My South Africa is the first-year university student in Bloemfontein who took all the gifts she received for her birthday and donated them – with the permission of the givers – to a home for children in an Aids village. It is the people hurt by racist acts who find it in their hearts to publicly forgive the perpetrators. It is the group of farmers in Paarl who started a top school for the children of farm workers to ensure they got the best education possible while their parents toiled in the vineyards. It is the farmer’s wife in Viljoenskroon who created an education and training centre for the wives of farm labourers so that they could gain the advanced skills required to operate accredited early-learning centres for their own and other children.
My South Africa is that little white boy at a decent school in the Eastern Cape who decided to teach the black boys in the community to play cricket, and to fit them all out with the togs required to play the gentleman’s game. It is the two black street children in Durban, caught on camera, who put their spare change in the condensed milk tin of a white beggar. It is the Johannesburg pastor who opened up his church as a place of shelter for illegal immigrants. It is the Afrikaner woman from Boksburg who nailed the white guy who shot and killed one of South Africa’s greatest freedom fighters outside his home.
My South Africa is the man who went to prison for 27 years and came out embracing his captors, thereby releasing them from their impending misery. It is the activist priest who dived into a crowd of angry people to rescue a woman from a sure necklacing. It is the former police chief who fell to his knees to wash the feet of Mamelodi women whose sons disappeared on his watch; it is the women who forgave him in his act of contrition. It is the Cape Town university psychologist who interviewed the ‘Prime Evil’ in Pretoria Centre and came away with emotional attachment, even empathy, for the human being who did such terrible things under apartheid.

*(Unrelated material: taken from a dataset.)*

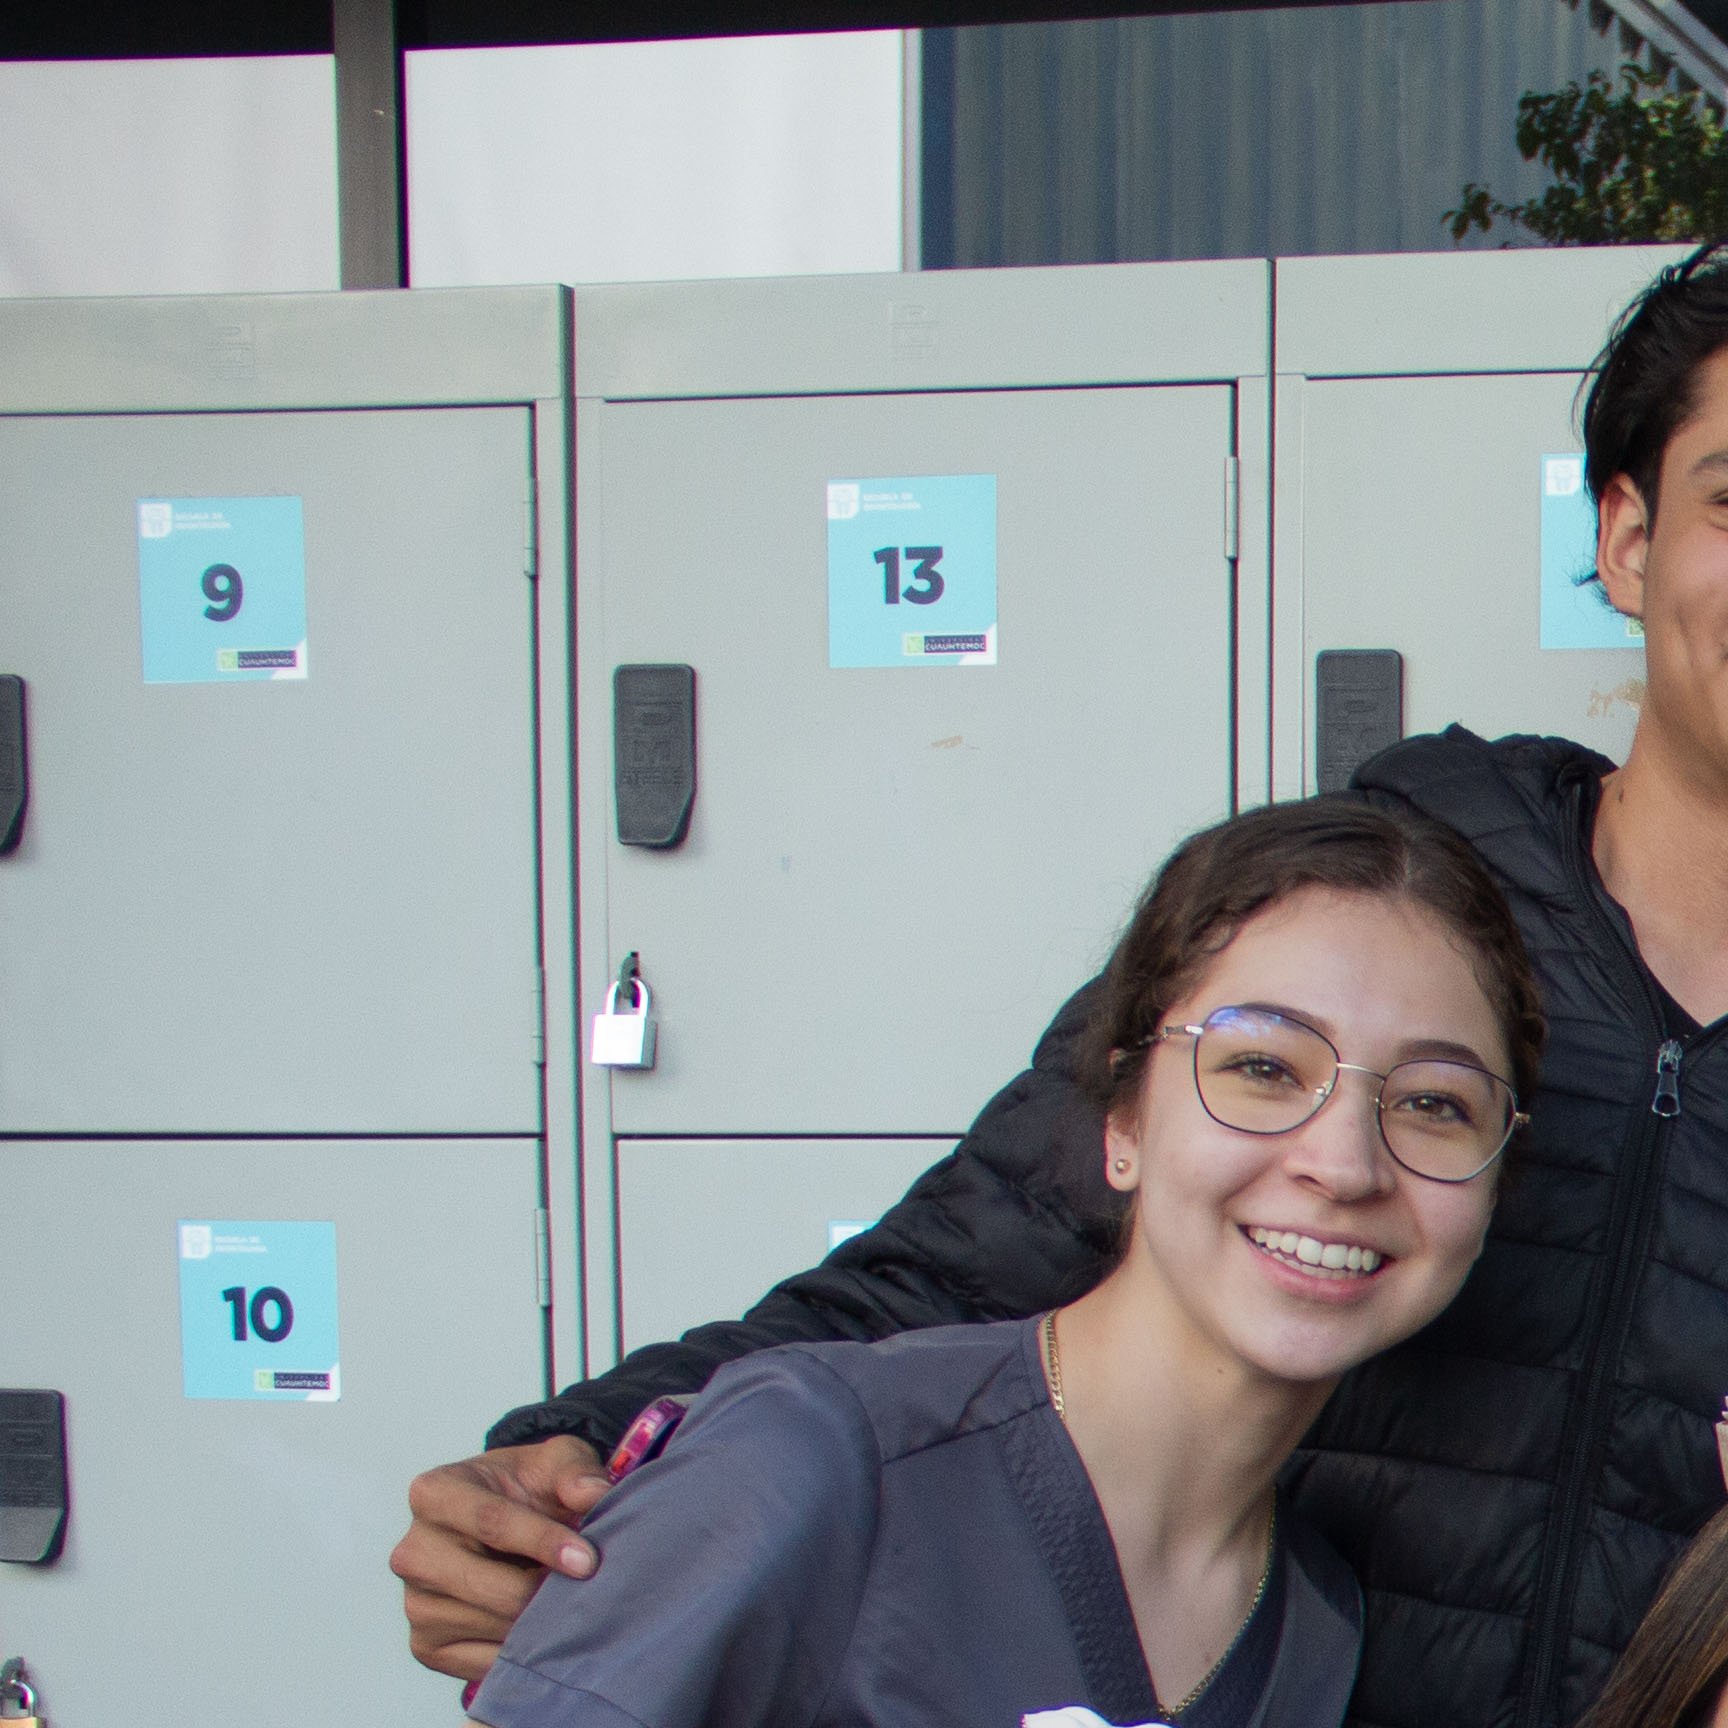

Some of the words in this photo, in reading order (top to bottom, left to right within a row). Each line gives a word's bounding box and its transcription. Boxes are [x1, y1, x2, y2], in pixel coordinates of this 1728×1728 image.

[201, 563, 244, 623] 9
[872, 546, 945, 605] 13
[222, 1286, 294, 1343] 10

My South Africa is the quiet, dignified, determined township mother from Langa who straightened her back during the years of oppression and decided that her struggle was to raise decent children, insist that they learn, and ensure that they not succumb to bitterness or defeat in the face of overwhelming odds. It is the two young girls who walked 20km to school every day, even through their matric years, and passed well enough to be accepted into university studies. It is the student who takes on three jobs, during the evenings and on weekends, to find ways of paying for his university studies.
My South Africa is the teenager in a wheelchair who works in townships serving the poor. It is the pastor of a Kenilworth church whose parishioners were slaughtered, who visits the killers and asks them for forgiveness because he was a beneficiary of apartheid. It is the politician who resigns on conscientious grounds, giving up status and salary because of an objection in principle to a social policy of her political party. It is the young lawman who decides to dedicate his life to representing those who cannot afford to pay for legal services.
My South Africa is not the angry, corrupt, violent country whose deeds fill the front pages of newspapers and the lead-in items on the seven-o’clock news. It is the South Africa often unseen, yet powered by the remarkable lives of ordinary people. It is the citizens who keep the country together through millions of acts of daily kindness.